Oh. Here's some (crossposted) doggerel.
Well I tried to differentiate a constant
But I never got a whole lot outta that
That's 'cause differentiation gives the slope
And the slope is nothing if the line is flat.
If a function only has a single value
Then its dee-dee-ex is zero where defined
And conversely if why-prime is always zero
Then why's the same for all ex in the line.
I'll be here all week. Anyhow, forget Barth... even Pynchon (the verses are in part a hat-tip in that direction... and wait!... now that I say it, I've seldom felt so much like Tyrone Slothrop as right in here these days...). A few weeks ago I came to what right then felt like some gobsmacking realization... which might stand up in the court of considered opinion... that I was undergoing an episode very like that of Phædrus in ZAMM. It's sort of uncanny. But I'm hoping to avoid electroshock. A one-of-a-kind masterpiece would sure be nice though.
Tuesday, April 21, 2009
I'll have mentioned "it almost makes you glad to be alive"... and today a stranger pointed out a rainbow to me and I tried out a variant along the lines of "it's like just for a second you can believe God wants us to be happy" on her and she took it smiling. The quote's probably not quite right. Because not only am I "not even acquainted with my own desires" but I can't even remember my own doggone words. Which reminds me.
That second quote's from a line of Dylan's. At first I thought it was just the turn of a phrase (to the effect of "I can't think straight"... or, more memorably, "they've got their hooks in him so deep he doesn't know which end's up" [On The Waterfront (from memory at second hand; an ex of mine was impressed with "hooks" here—the characters worked with big hooks—and mentioned it to me; I find it worth reporting now because Dylan swiped a line from the same picture ["for the love of a lousy buck"])]). But no. I say it all the time now and indeed it's sort of taken on some almost mystical Deep Truth feeling.
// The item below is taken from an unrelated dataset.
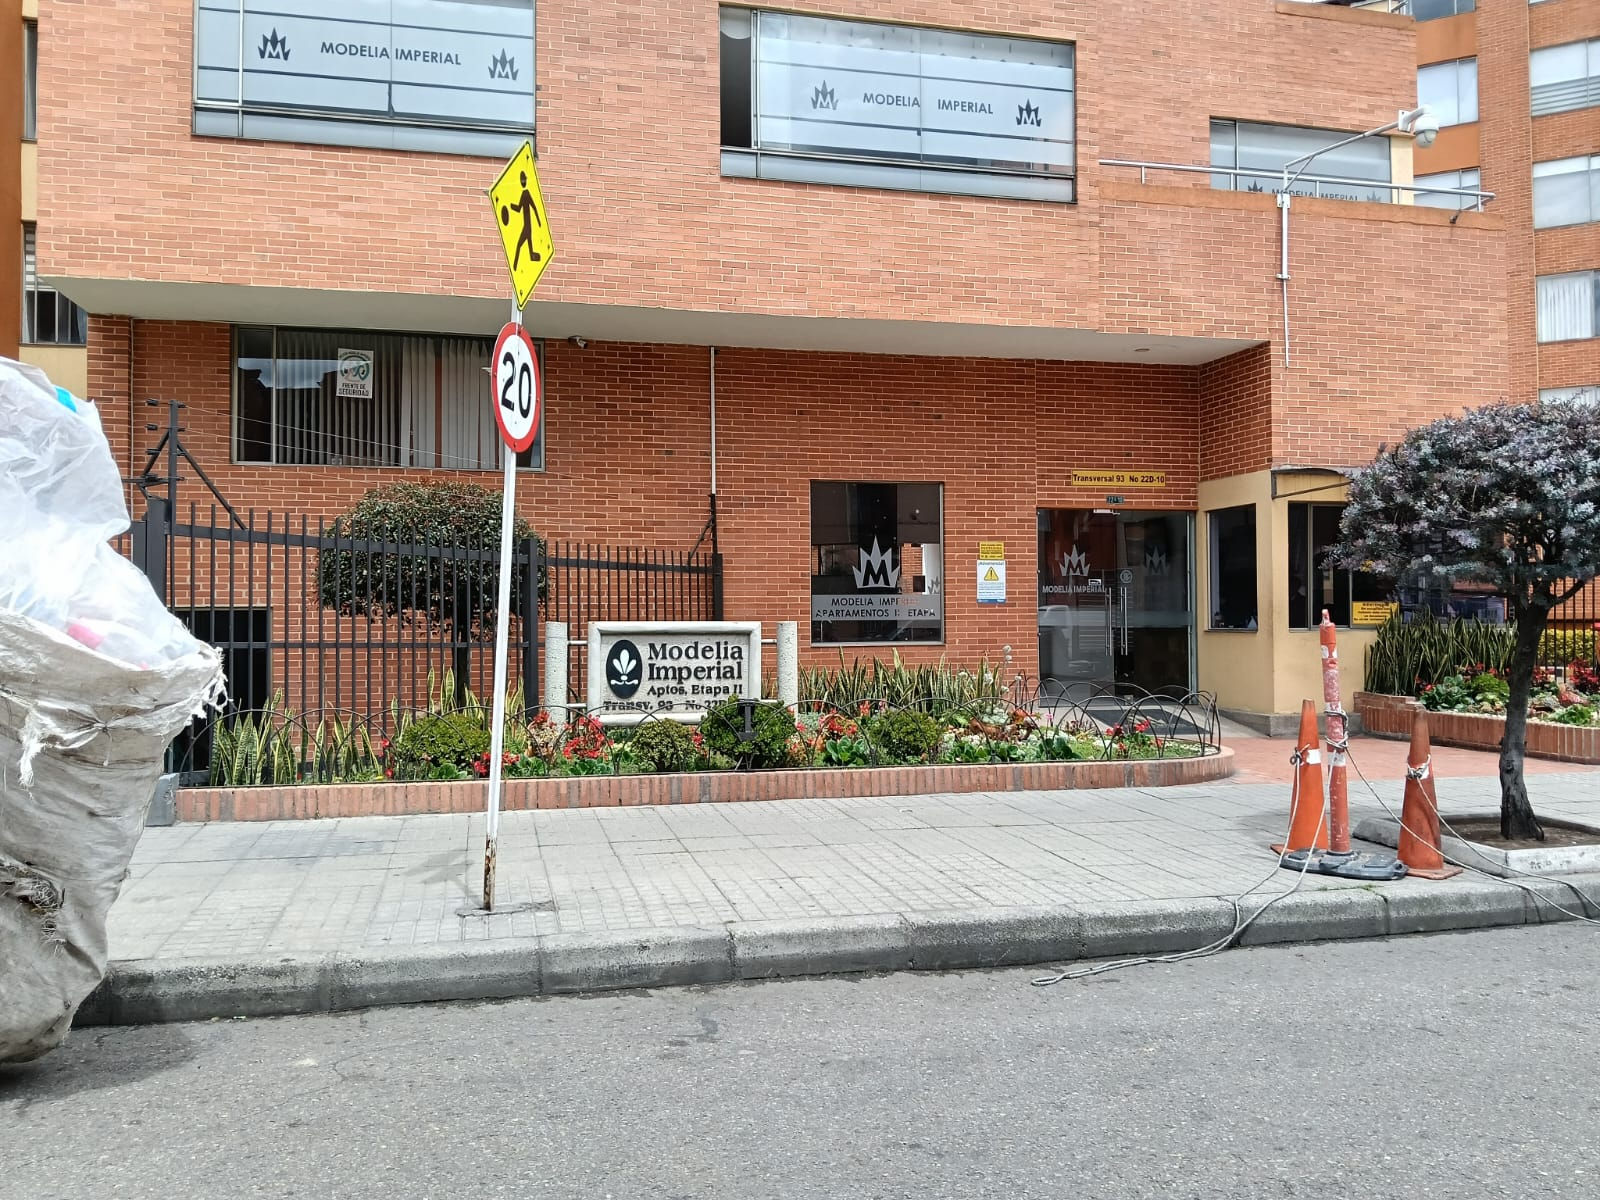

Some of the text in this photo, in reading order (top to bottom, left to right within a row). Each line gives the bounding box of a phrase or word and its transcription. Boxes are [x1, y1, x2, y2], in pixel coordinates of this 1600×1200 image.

I'm not even acquainted with my own desires. Like suppose I'm getting real impatient working with a tutee: that feels like it's because of things going on between us in working on whatever our math problem is... but I've recently convinced myself on at least a few occasions that it's "really" because it's been way too long since I had anything to eat. (Oh. So this "hunger" you speak of feels like everybody's being deliberately obtuse. Good to know.)
Now, that kind of thing has got to be pretty common, and might even serve as sort of a counterexample: you're just as aware as the next guy and becoming more aware all the time, there, Vlorbik... stop being so paranoid.
But then there's this.
I told Ma recently "I don't know why I feel like I have to do everything the hard way... I just do"... and a little later had worked out enough of a theory to've told Madonn' that
"I seem to've decided never to believe anything that 'everybody' says: I refuse to learn from anybody else's mistakes... I have to act everything out for myself." So we're evidently looking at something like classical freudian neurosis (which of course is still well within the range of the normal but begins to suggest that there may at last be some point... "where id was, there will ego be" and all).
It turns out this is a far bigger can of worms than I can chew at this point... I've got several more paragraphs but they now appear to be too unformed even for me... this is a deep vein.
So. Six AM. The coffeehouse is open. Free WiFi. Out the door, with joy in my heart, to go meet my beloved students once again (or close up the walls with our english dead)... and my brandnew favorite personal slogan: "let's go publish something!".
Thursday, April 16, 2009
That scan, and rhyme, and don't jar the ear (in an offputting way; a certain amount of jarrage is what poetry is for...); in short, something I can sing. Now, David Byrne (to swipe from a master) said something somewhere to the effect that lyrics are just a trick to get you to listen to a piece of music a few more times. But they're actually a far more versatile trick than this suggests. I'm using lyrics to distract my brain from my hands so my body can better take over (they don't call it rhythm guitar for nothing). So it helps if I don't know the words real well. Open up Harold Bloom's The Best Poems of the English Language to a likely prospect and see what happens.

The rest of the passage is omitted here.